◆ **REQUIRED ACTION**
Using the records that follow, reproduce exactly the lines starting at the line containing "this 1200×1600 image." and ending at the line containing "this 1496×1496 image.". Include both end lines and no pictures.
**** EXERCISE DATA ****
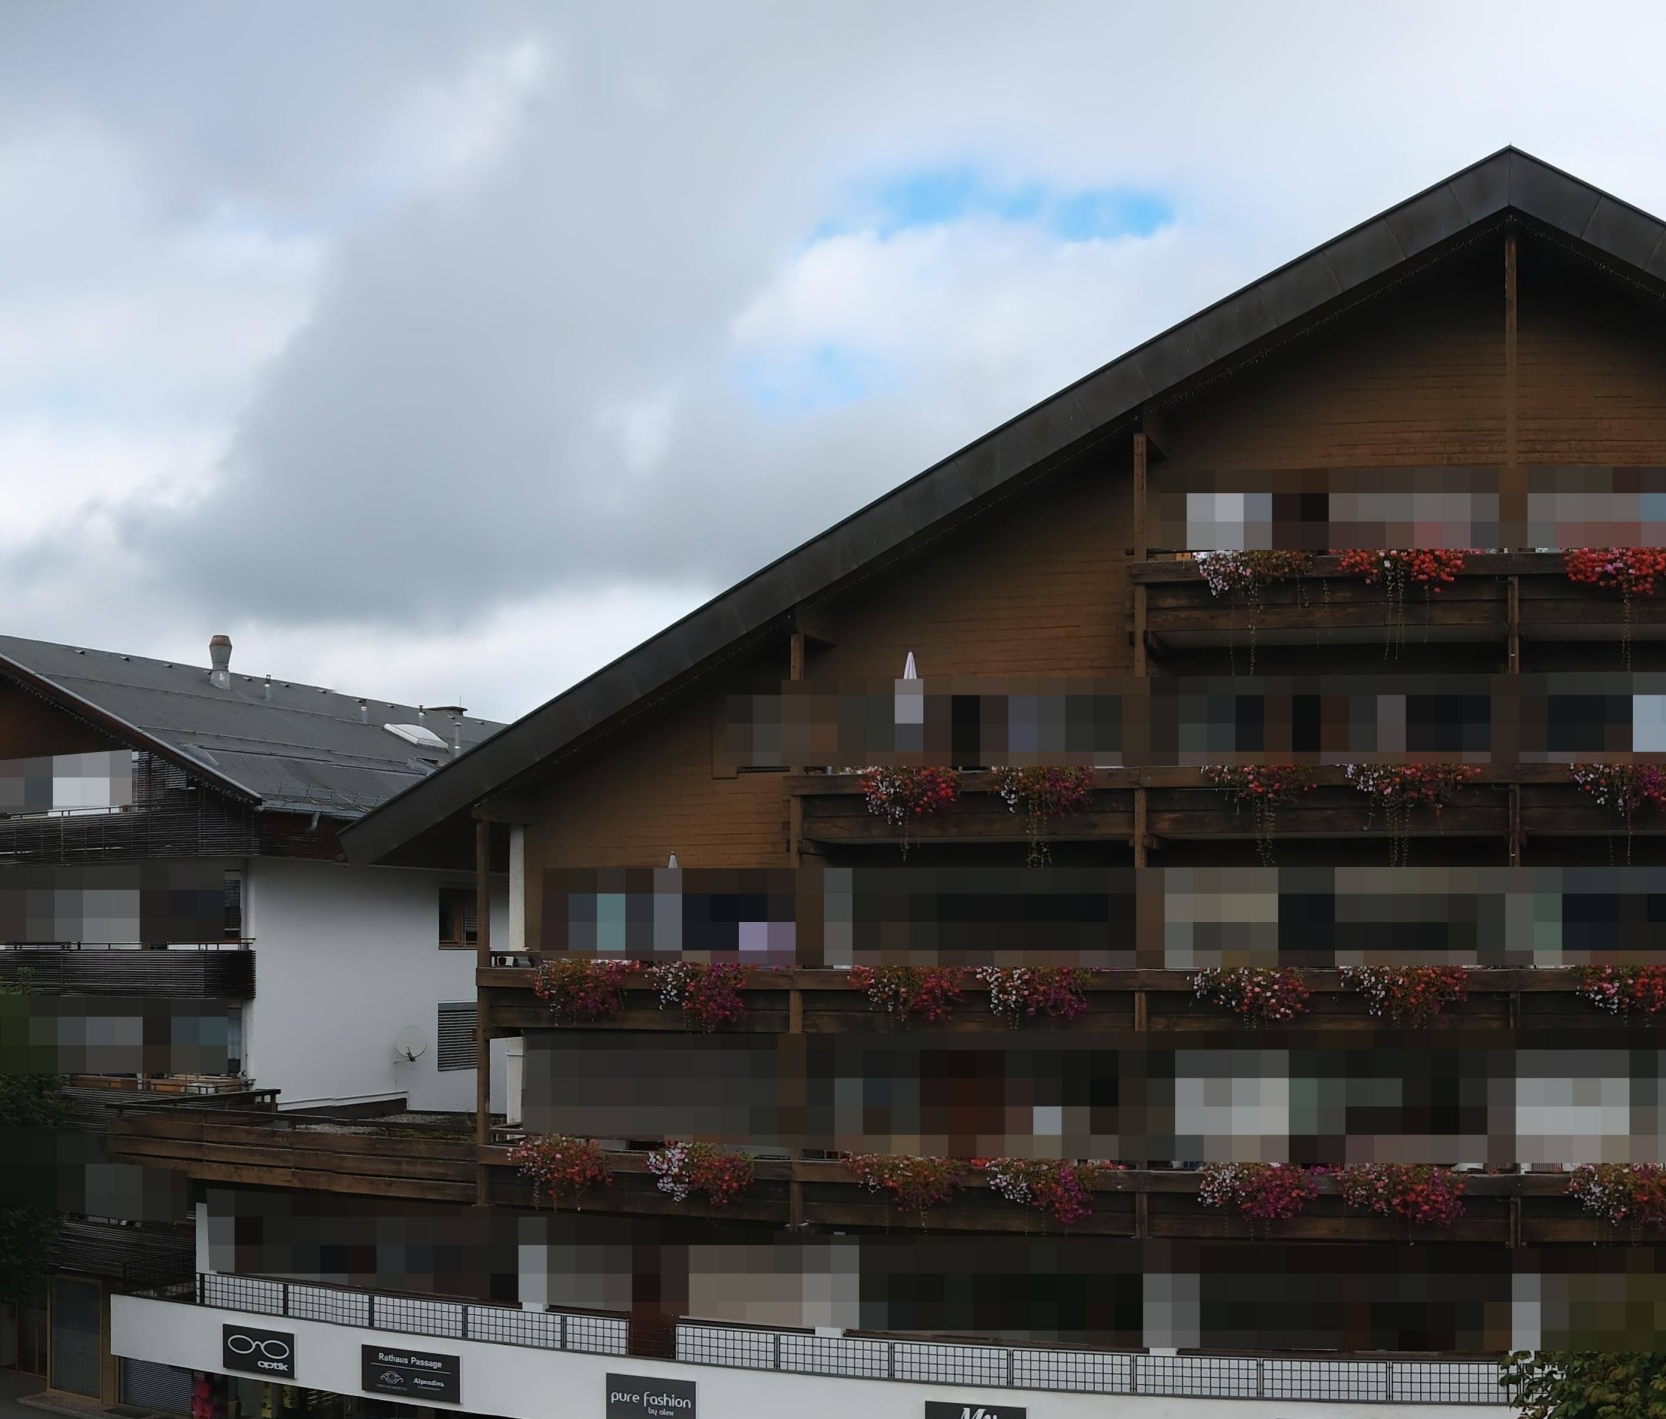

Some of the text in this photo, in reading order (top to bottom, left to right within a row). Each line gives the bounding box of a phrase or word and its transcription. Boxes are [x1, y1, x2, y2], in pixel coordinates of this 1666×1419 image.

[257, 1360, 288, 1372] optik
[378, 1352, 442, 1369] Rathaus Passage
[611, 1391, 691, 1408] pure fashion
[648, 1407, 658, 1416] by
****
**** EXERCISE DATA ****
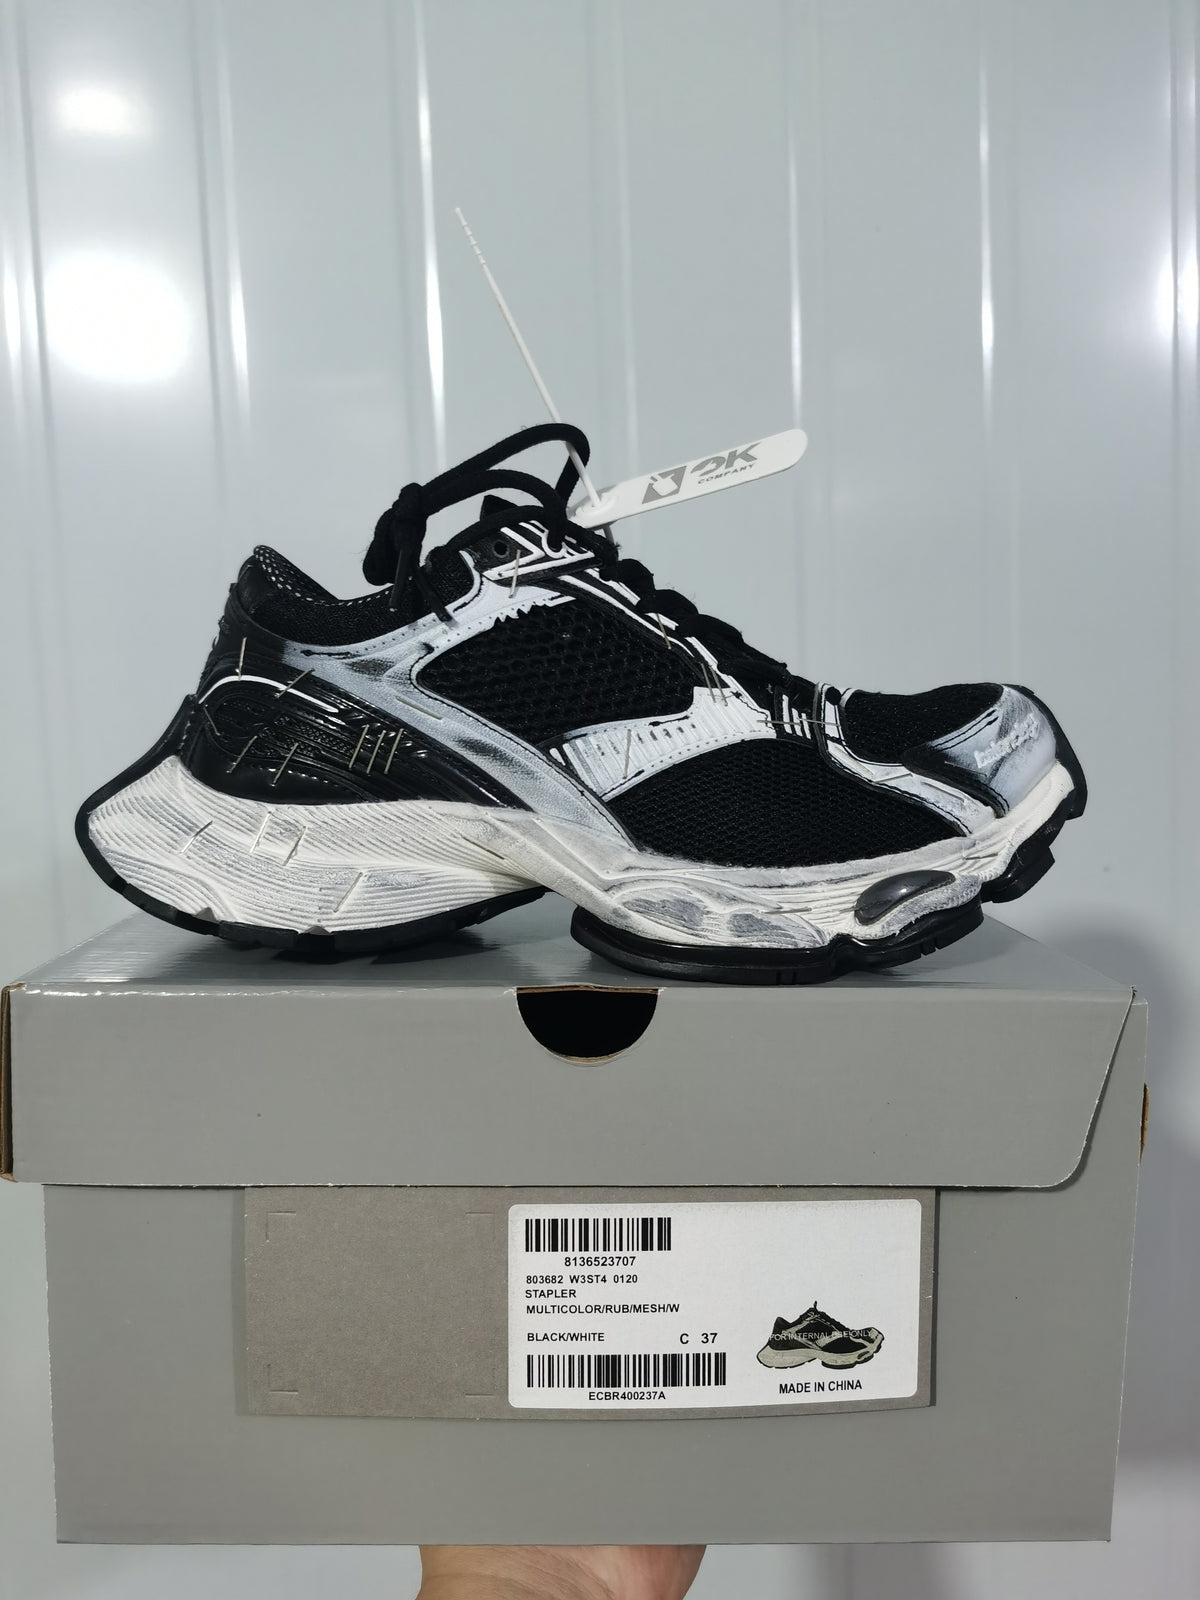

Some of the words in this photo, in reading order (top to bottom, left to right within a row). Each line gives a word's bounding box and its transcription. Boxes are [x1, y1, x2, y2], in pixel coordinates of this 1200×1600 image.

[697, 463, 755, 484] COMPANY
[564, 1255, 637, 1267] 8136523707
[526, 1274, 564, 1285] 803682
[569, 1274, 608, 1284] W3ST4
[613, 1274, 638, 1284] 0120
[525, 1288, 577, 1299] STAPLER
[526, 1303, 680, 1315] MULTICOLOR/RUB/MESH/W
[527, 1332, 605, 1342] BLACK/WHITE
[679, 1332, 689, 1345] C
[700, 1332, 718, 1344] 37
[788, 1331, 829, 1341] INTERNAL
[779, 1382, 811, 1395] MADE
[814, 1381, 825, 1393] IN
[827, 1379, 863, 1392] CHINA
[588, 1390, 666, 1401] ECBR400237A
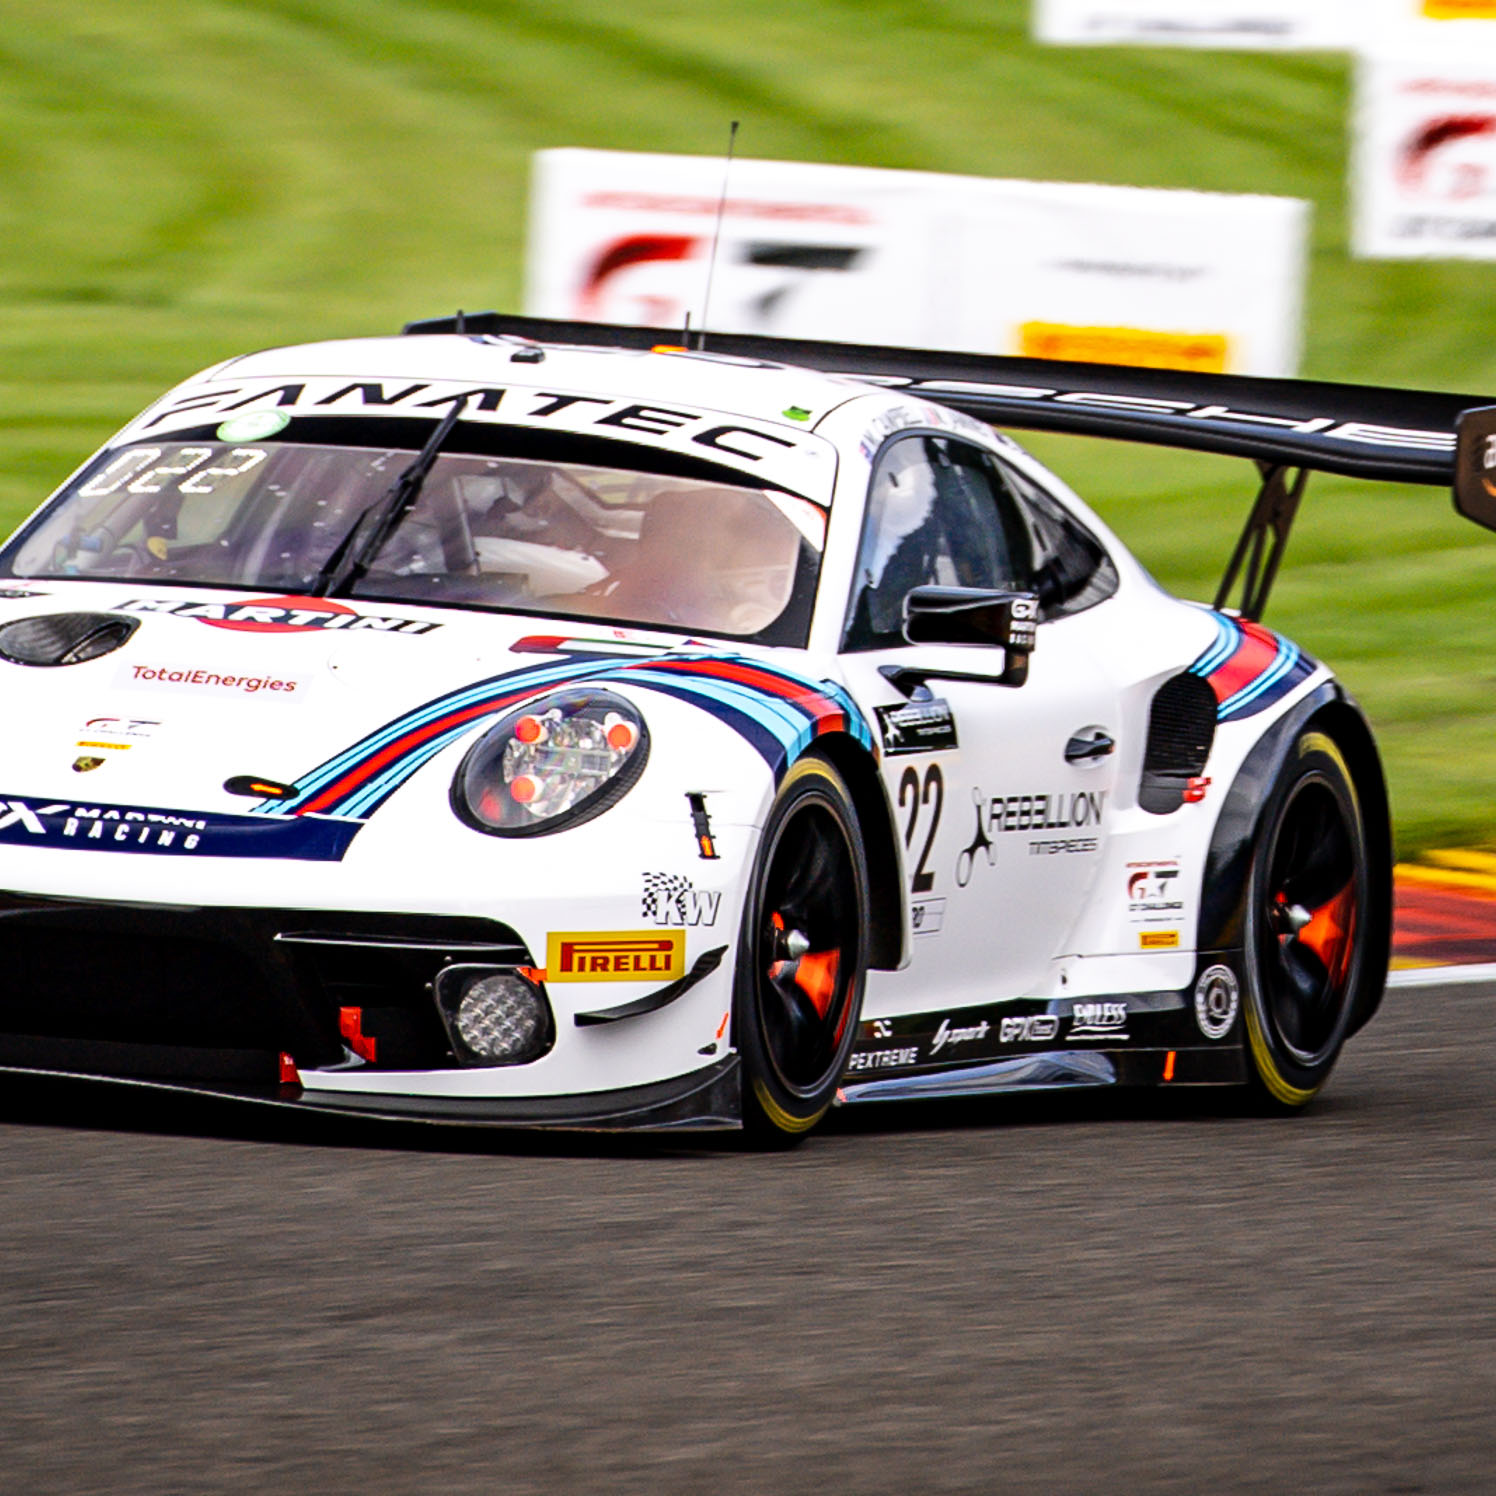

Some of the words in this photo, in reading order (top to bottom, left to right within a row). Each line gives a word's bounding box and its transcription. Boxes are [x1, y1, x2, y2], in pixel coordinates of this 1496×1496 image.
****
**** EXERCISE DATA ****
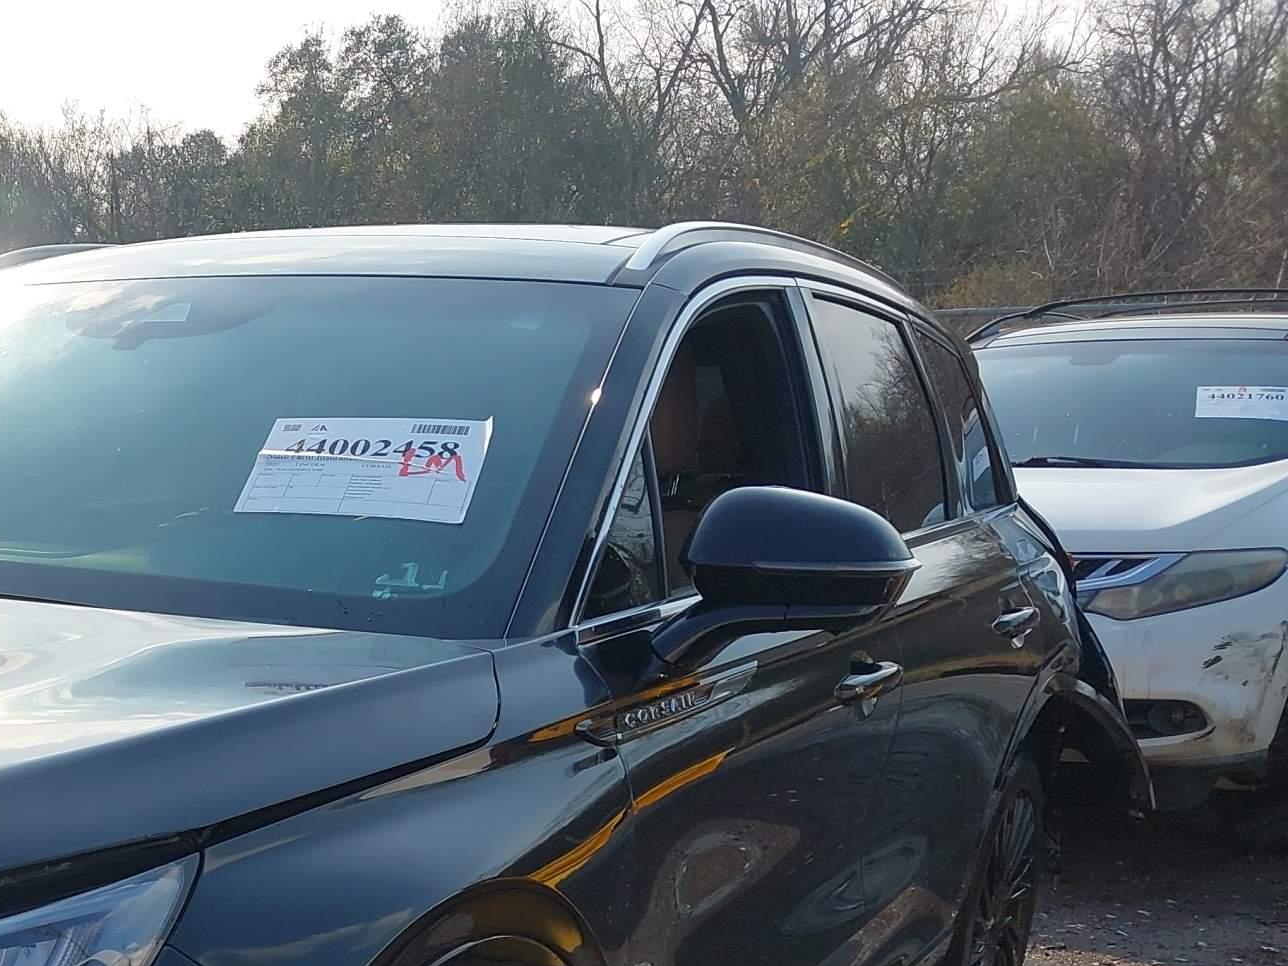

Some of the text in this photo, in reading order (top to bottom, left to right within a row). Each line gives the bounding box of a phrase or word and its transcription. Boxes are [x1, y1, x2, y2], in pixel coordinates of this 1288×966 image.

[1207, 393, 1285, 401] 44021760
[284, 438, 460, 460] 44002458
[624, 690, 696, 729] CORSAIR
****
◆ **SOLUTION BELOW**
Some of the words in this photo, in reading order (top to bottom, left to right within a row). Each line gives a word's bounding box and its transcription. Boxes are [x1, y1, x2, y2], in pixel coordinates of this 1200×1600 image.

[697, 463, 755, 484] COMPANY
[564, 1255, 637, 1267] 8136523707
[526, 1274, 564, 1285] 803682
[569, 1274, 608, 1284] W3ST4
[613, 1274, 638, 1284] 0120
[525, 1288, 577, 1299] STAPLER
[526, 1303, 680, 1315] MULTICOLOR/RUB/MESH/W
[527, 1332, 605, 1342] BLACK/WHITE
[679, 1332, 689, 1345] C
[700, 1332, 718, 1344] 37
[788, 1331, 829, 1341] INTERNAL
[779, 1382, 811, 1395] MADE
[814, 1381, 825, 1393] IN
[827, 1379, 863, 1392] CHINA
[588, 1390, 666, 1401] ECBR400237A

Some of the words in this photo, in reading order (top to bottom, left to right within a row). Each line gives a word's bounding box and its transcription. Boxes are [x1, y1, x2, y2], in pixel coordinates of this 1496×1496 image.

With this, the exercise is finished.